Cooper's passing comes just over a week after he was conferred with Jamaica's fifth highest honour, the Order of Distinction (Commander Class), at a special investiture ceremony at King's House.
He was one of the first students to graduate from the Jamaica School of Art diploma programme in 1966. During that time, he was taught by artists such as Barrington Watson, who was then the director of studies and head of the painting department; Karl Parboosingh; Vernal Reuben; Milton Harley; and Albert Huie who was the 'artist in residence'.
In those days, he gravitated towards a style incorporating an expressive realism.
Cooper's first exhibition was held at the Gallery of the Contemporary Jamaican Artists' Association. However, his talents were not restricted to the visual arts. He was also a talented classical musician. For that he was awarded a scholarship by the Jamaican Government to study music in New York.
He attended the Art Students League, where he studied under the African-American abstract expressionist Norman Lewis and, a few years later, he attended the School of Visual Arts, where he obtained his Bachelor of Fine Arts Degree in 1976.
Cooper began his professional career as a fine artist exhibiting in New York galleries, returning to Jamaica in 1980, when he began teaching painting at the Jamaica School of Art, now the Edna Manley College of the Visual and Performing Arts.
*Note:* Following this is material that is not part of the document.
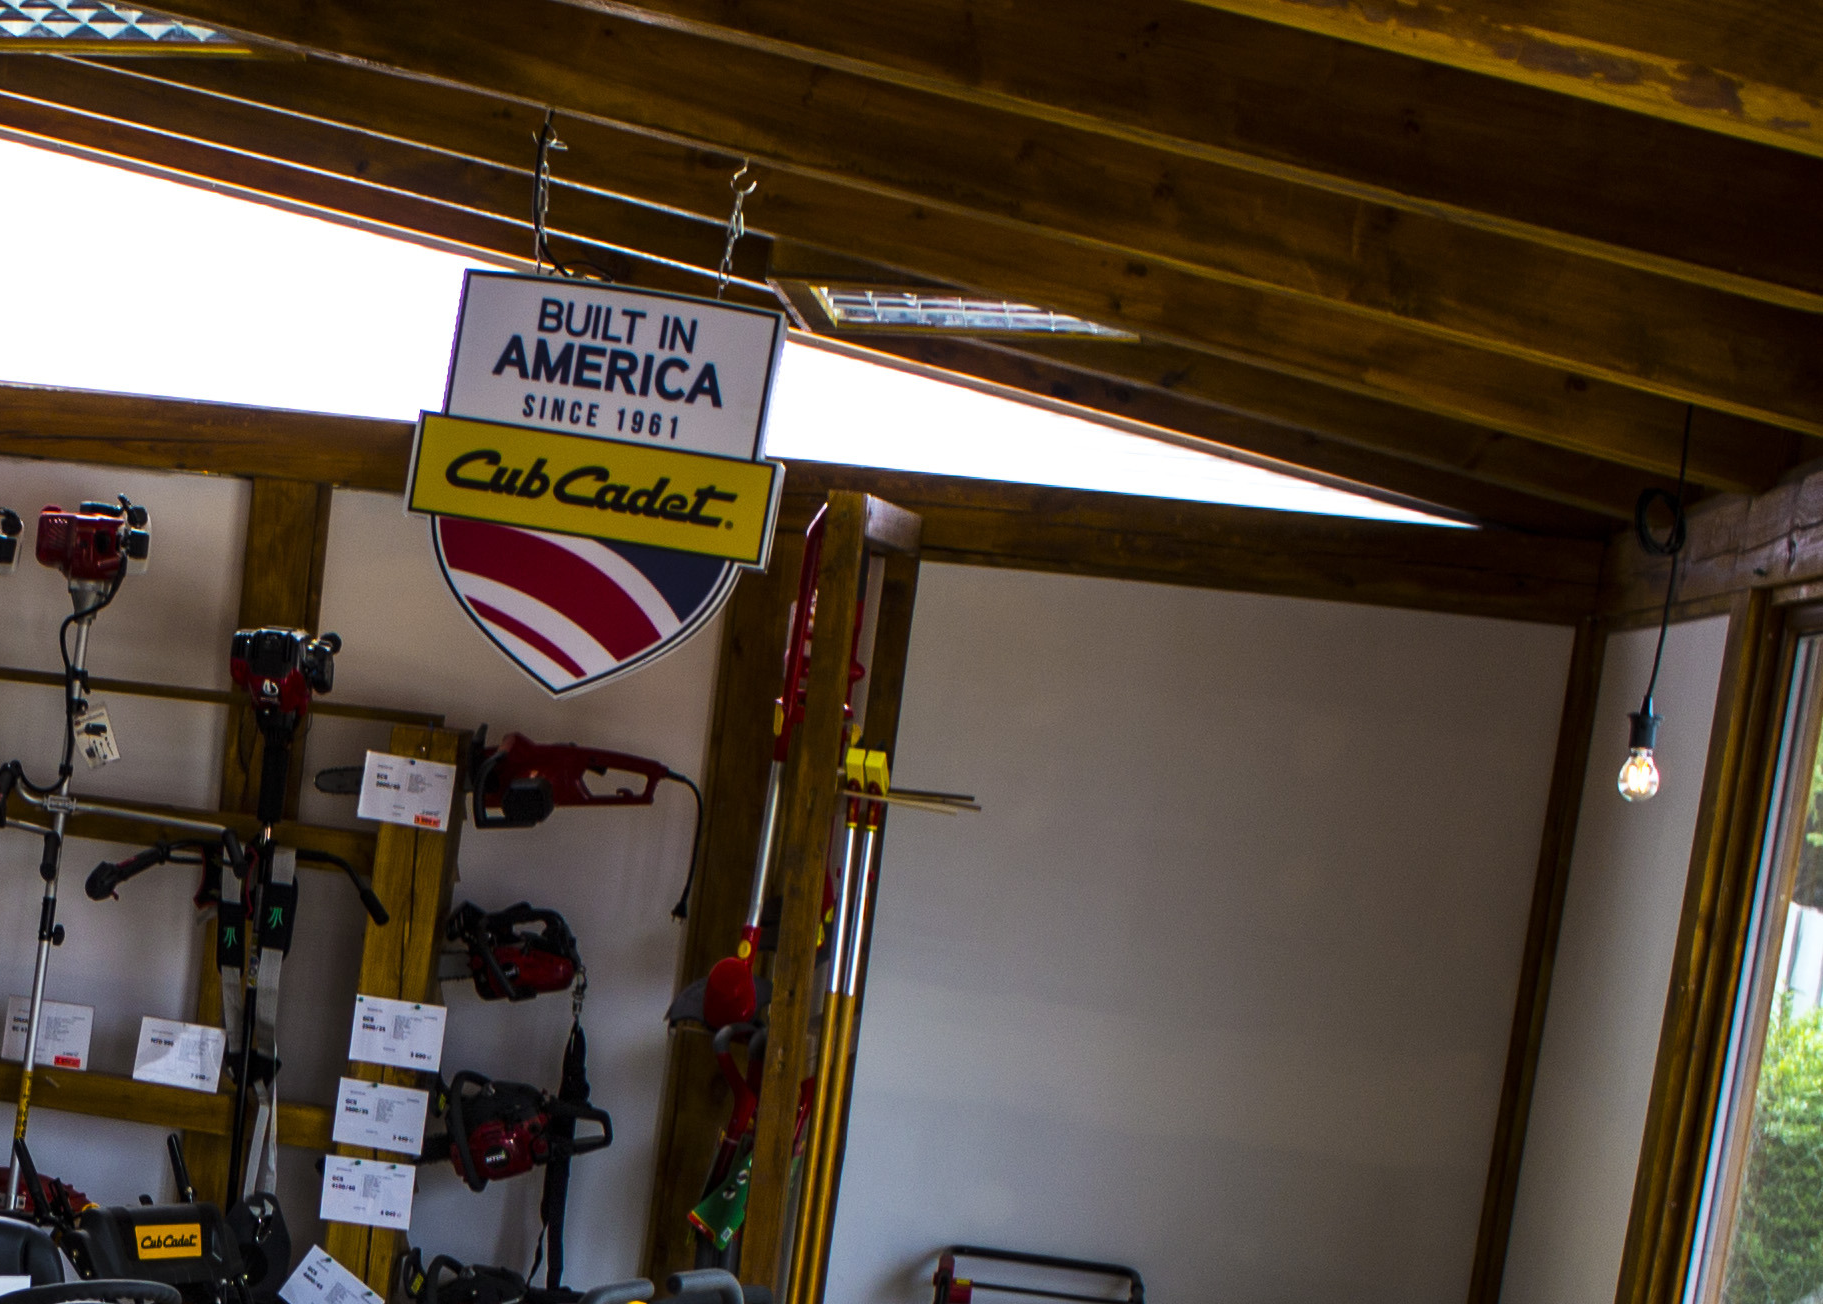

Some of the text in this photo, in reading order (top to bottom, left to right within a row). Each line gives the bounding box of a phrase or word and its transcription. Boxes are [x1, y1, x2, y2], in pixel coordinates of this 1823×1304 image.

For three decades, Cecil Cooper provided intellectual leadership at the School of Art, inspiring many generations of students from across the Caribbean to develop their talents.
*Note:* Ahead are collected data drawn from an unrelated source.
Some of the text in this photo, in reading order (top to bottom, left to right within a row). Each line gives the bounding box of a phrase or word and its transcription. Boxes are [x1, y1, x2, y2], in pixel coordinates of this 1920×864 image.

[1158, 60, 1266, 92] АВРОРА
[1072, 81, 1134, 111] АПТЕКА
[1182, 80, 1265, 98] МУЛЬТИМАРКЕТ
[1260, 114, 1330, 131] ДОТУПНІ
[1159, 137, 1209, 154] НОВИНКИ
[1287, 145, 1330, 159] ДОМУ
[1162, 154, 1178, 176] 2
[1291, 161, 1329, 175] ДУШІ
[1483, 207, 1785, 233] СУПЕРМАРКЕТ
Familiar images in Cecil Cooper's paintings are geometric masks that both conceal and reveal the human face. One of his early paintings, 'Warriors' (1980), embodies fierce resistance, with the militant faces overlapping in a tightly knit brotherhood, and the powerful image of community is also seen in many of Cooper's later works.
Meanwhile, another of his pieces, 'Rites of Spring', uses intertwining female faces to create a sensuous sisterhood, while there is also a hint of the female body as a musical instrument.
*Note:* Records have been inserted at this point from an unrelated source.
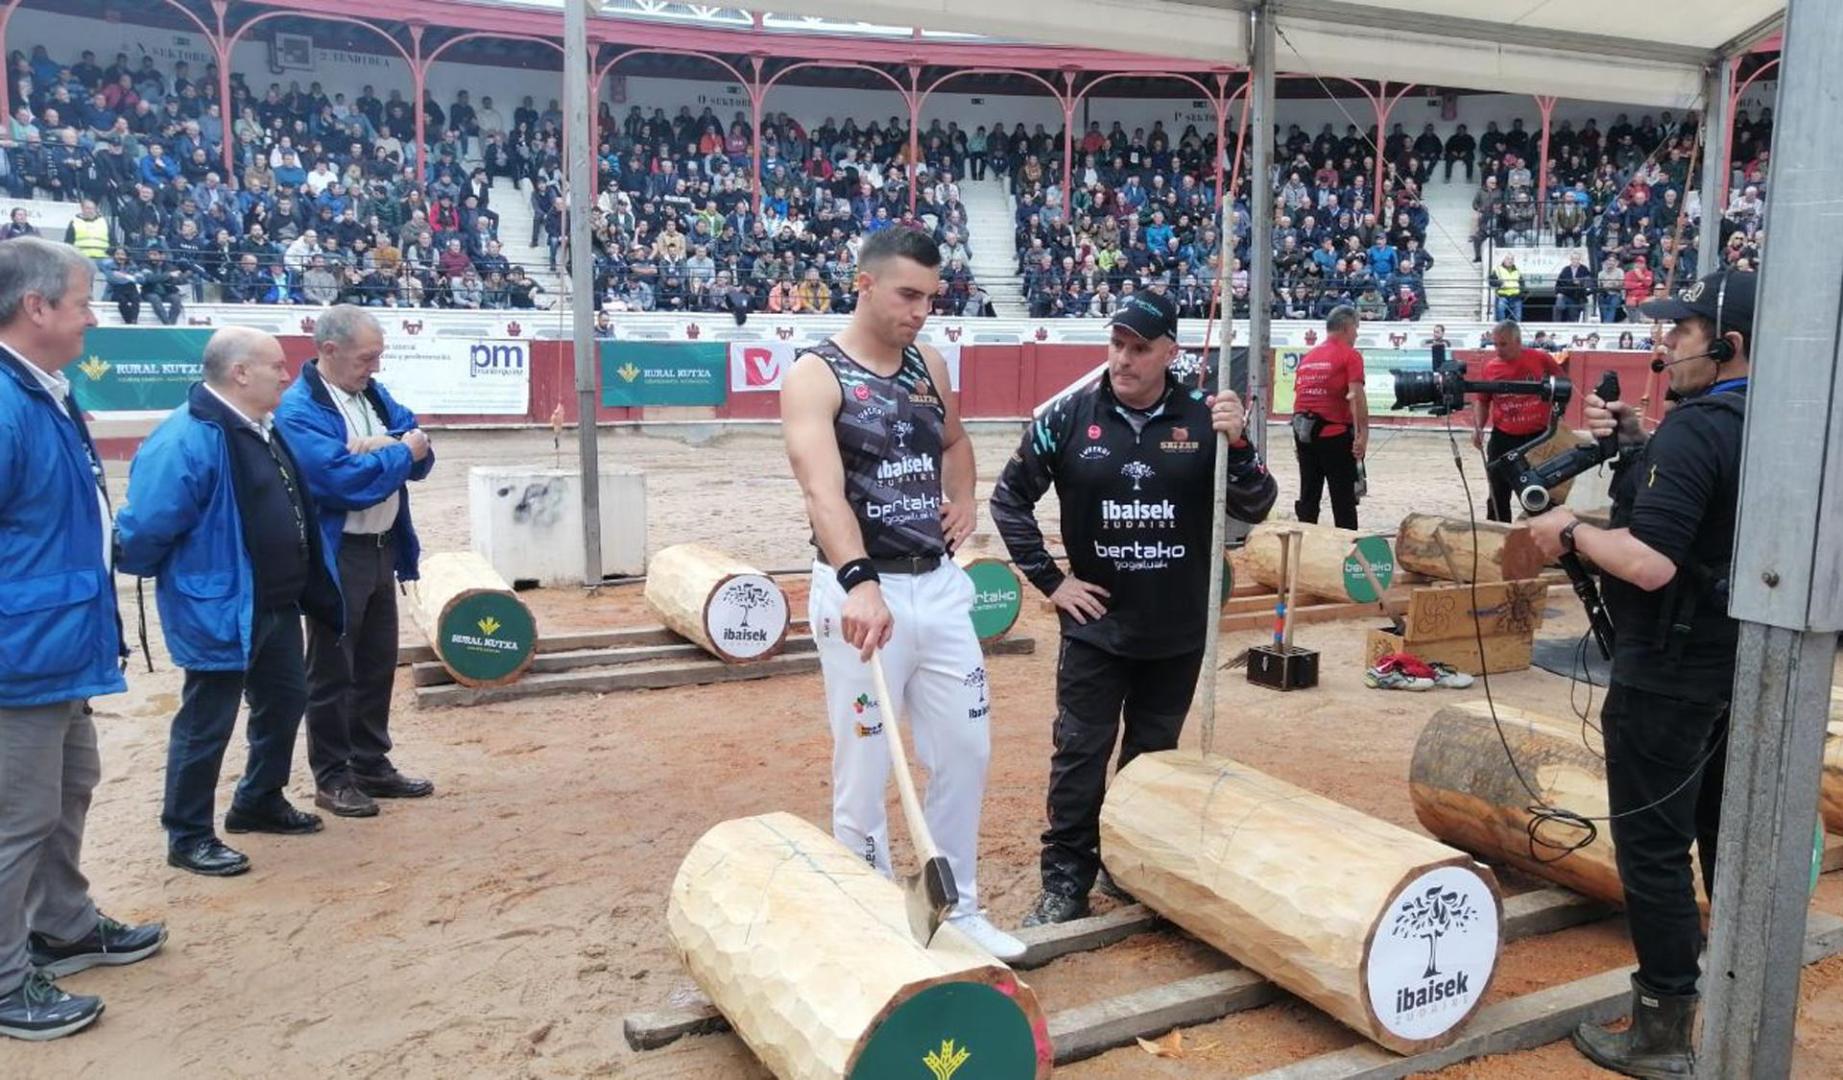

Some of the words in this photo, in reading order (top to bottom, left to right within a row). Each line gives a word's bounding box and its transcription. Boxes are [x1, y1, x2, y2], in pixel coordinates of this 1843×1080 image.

[116, 363, 160, 375] RURAL
[643, 368, 675, 378] RURAL
[677, 369, 712, 378] KUTXA
[877, 453, 935, 479] ibaisek
[1102, 499, 1175, 520] ibaisek
[1102, 521, 1176, 529] ZUDAIRE
[1094, 540, 1185, 558] bertako
[1345, 560, 1392, 572] beako
[975, 588, 1017, 604] rtako
[451, 634, 483, 646] RURAL
[484, 638, 519, 651] KUTXA
[723, 628, 768, 641] ibaisek
[1396, 969, 1469, 1014] ibaisek
The 2015 painting 'Devotion' sustains the image of fertility with the inclusion of a fish, a sign of pregnancy in Jamaican folk culture. In other paintings, the female body is presented as delicious fruits and flowers.
Music is also a favourite theme in Cooper's work as seen in the titles of some of the paintings from his 2012 solo exhibition: 'Music' (1 and 2), 'Adagio', 'Interlude', and 'Reverie'.
In celebration of his birthday in June, he unveiled his final exhibition, 'Milestone - Cecil Cooper at 70', an exhibition featuring works from his collection from 1948 to 2016 at the Olympia Gallery in Kingston.